[Start of Attachment]
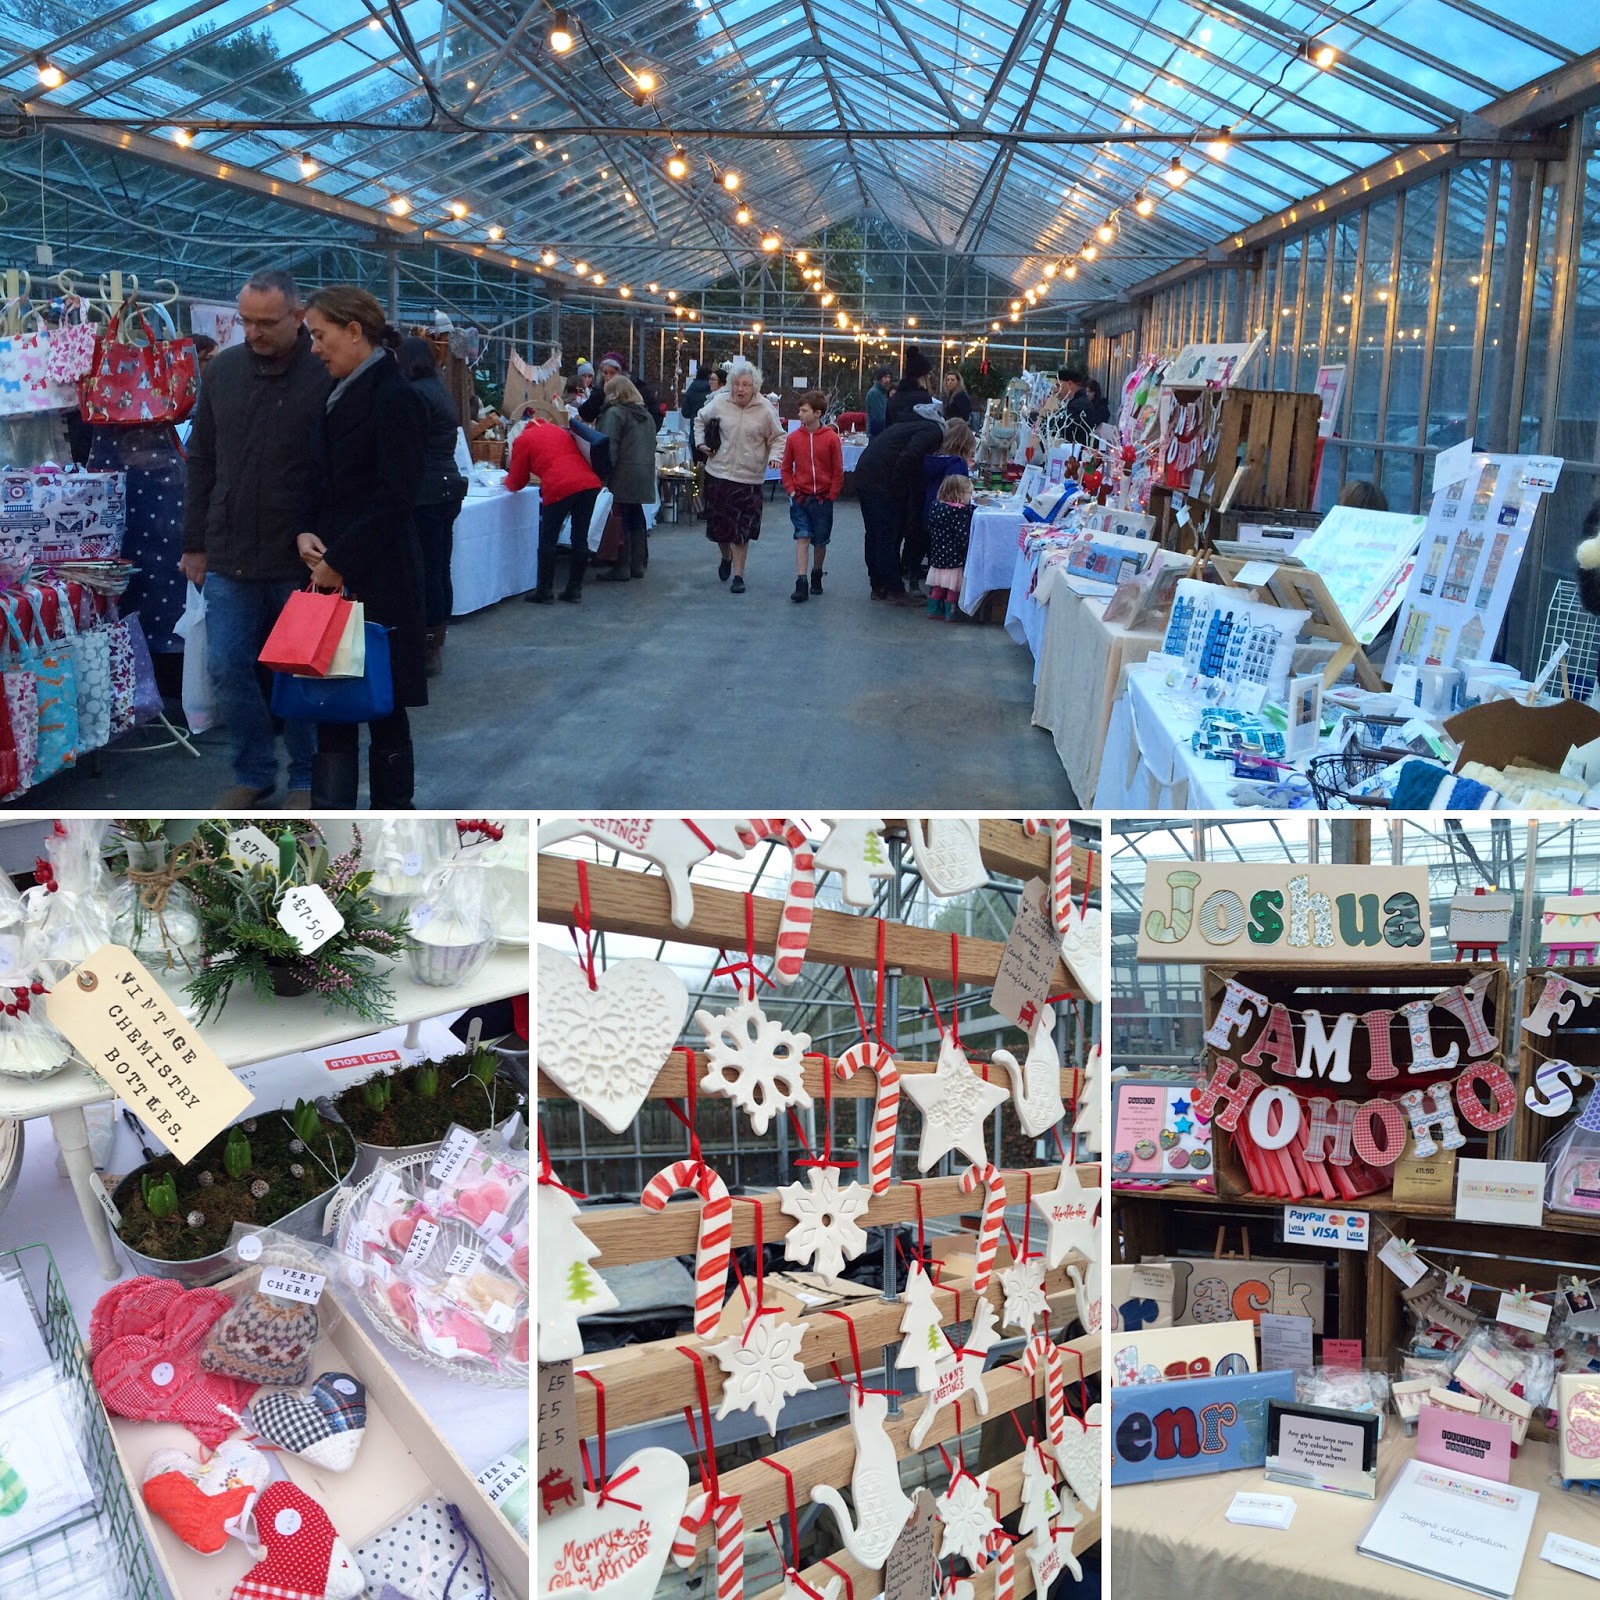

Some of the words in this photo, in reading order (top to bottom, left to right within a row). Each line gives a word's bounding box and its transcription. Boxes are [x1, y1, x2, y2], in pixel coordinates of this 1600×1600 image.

[578, 819, 646, 850] EETINGS
[293, 898, 325, 941] £7.50
[1145, 869, 1426, 948] Joshua
[1006, 944, 1024, 970] Candy
[120, 971, 197, 1064] VINTAGE
[1203, 971, 1500, 1083] FAMILY
[108, 1004, 201, 1109] CHEMISTRY
[330, 1057, 359, 1068] SOLD
[368, 1052, 395, 1062] SOLD
[104, 1047, 184, 1143] BOTTLES.
[435, 1138, 454, 1165] VERY
[441, 1138, 469, 1178] CHERRY
[1289, 1210, 1326, 1222] PayPal
[408, 1226, 422, 1254] VERY
[413, 1223, 435, 1266] CHERRY
[1311, 1226, 1339, 1239] VISA
[449, 1250, 462, 1267] VERY
[458, 1251, 477, 1274] CHERRY
[282, 1269, 317, 1282] VERY
[267, 1280, 321, 1298] CHERRY
[548, 1374, 567, 1393] £5
[939, 1366, 964, 1387] ASON'S
[538, 1400, 563, 1424] £5
[538, 1428, 566, 1452] £5
[1111, 1395, 1277, 1464] enry
[1287, 1429, 1299, 1437] Any
[1300, 1432, 1313, 1440] girls
[1322, 1435, 1336, 1444] boys
[1337, 1439, 1354, 1447] name
[1292, 1447, 1304, 1456] Any
[1305, 1449, 1324, 1458] colour
[1325, 1453, 1347, 1462] scheme
[1297, 1439, 1309, 1448] Any
[1310, 1441, 1329, 1450] colour
[1330, 1445, 1343, 1453] base
[1445, 1441, 1485, 1459] HANDMADE
[477, 1461, 506, 1485] VERY
[1303, 1457, 1316, 1466] Any
[1316, 1459, 1335, 1468] theme
[489, 1465, 526, 1501] HERRY
[1481, 1490, 1515, 1504] Designs
[1400, 1511, 1438, 1529] Designs
[1441, 1526, 1509, 1551] collaboration
[1429, 1531, 1455, 1546] book
[554, 1531, 616, 1573] Merry
[End of Attachment]
● **Assignment**:
Repeat every line above exactly, minus the pictures.

● **Problem solution**:
Some of the words in this photo, in reading order (top to bottom, left to right within a row). Each line gives a word's bounding box and its transcription. Boxes are [x1, y1, x2, y2], in pixel coordinates of this 1600×1600 image.

[578, 819, 646, 850] EETINGS
[293, 898, 325, 941] £7.50
[1145, 869, 1426, 948] Joshua
[1006, 944, 1024, 970] Candy
[120, 971, 197, 1064] VINTAGE
[1203, 971, 1500, 1083] FAMILY
[108, 1004, 201, 1109] CHEMISTRY
[330, 1057, 359, 1068] SOLD
[368, 1052, 395, 1062] SOLD
[104, 1047, 184, 1143] BOTTLES.
[435, 1138, 454, 1165] VERY
[441, 1138, 469, 1178] CHERRY
[1289, 1210, 1326, 1222] PayPal
[408, 1226, 422, 1254] VERY
[413, 1223, 435, 1266] CHERRY
[1311, 1226, 1339, 1239] VISA
[449, 1250, 462, 1267] VERY
[458, 1251, 477, 1274] CHERRY
[282, 1269, 317, 1282] VERY
[267, 1280, 321, 1298] CHERRY
[548, 1374, 567, 1393] £5
[939, 1366, 964, 1387] ASON'S
[538, 1400, 563, 1424] £5
[538, 1428, 566, 1452] £5
[1111, 1395, 1277, 1464] enry
[1287, 1429, 1299, 1437] Any
[1300, 1432, 1313, 1440] girls
[1322, 1435, 1336, 1444] boys
[1337, 1439, 1354, 1447] name
[1292, 1447, 1304, 1456] Any
[1305, 1449, 1324, 1458] colour
[1325, 1453, 1347, 1462] scheme
[1297, 1439, 1309, 1448] Any
[1310, 1441, 1329, 1450] colour
[1330, 1445, 1343, 1453] base
[1445, 1441, 1485, 1459] HANDMADE
[477, 1461, 506, 1485] VERY
[1303, 1457, 1316, 1466] Any
[1316, 1459, 1335, 1468] theme
[489, 1465, 526, 1501] HERRY
[1481, 1490, 1515, 1504] Designs
[1400, 1511, 1438, 1529] Designs
[1441, 1526, 1509, 1551] collaboration
[1429, 1531, 1455, 1546] book
[554, 1531, 616, 1573] Merry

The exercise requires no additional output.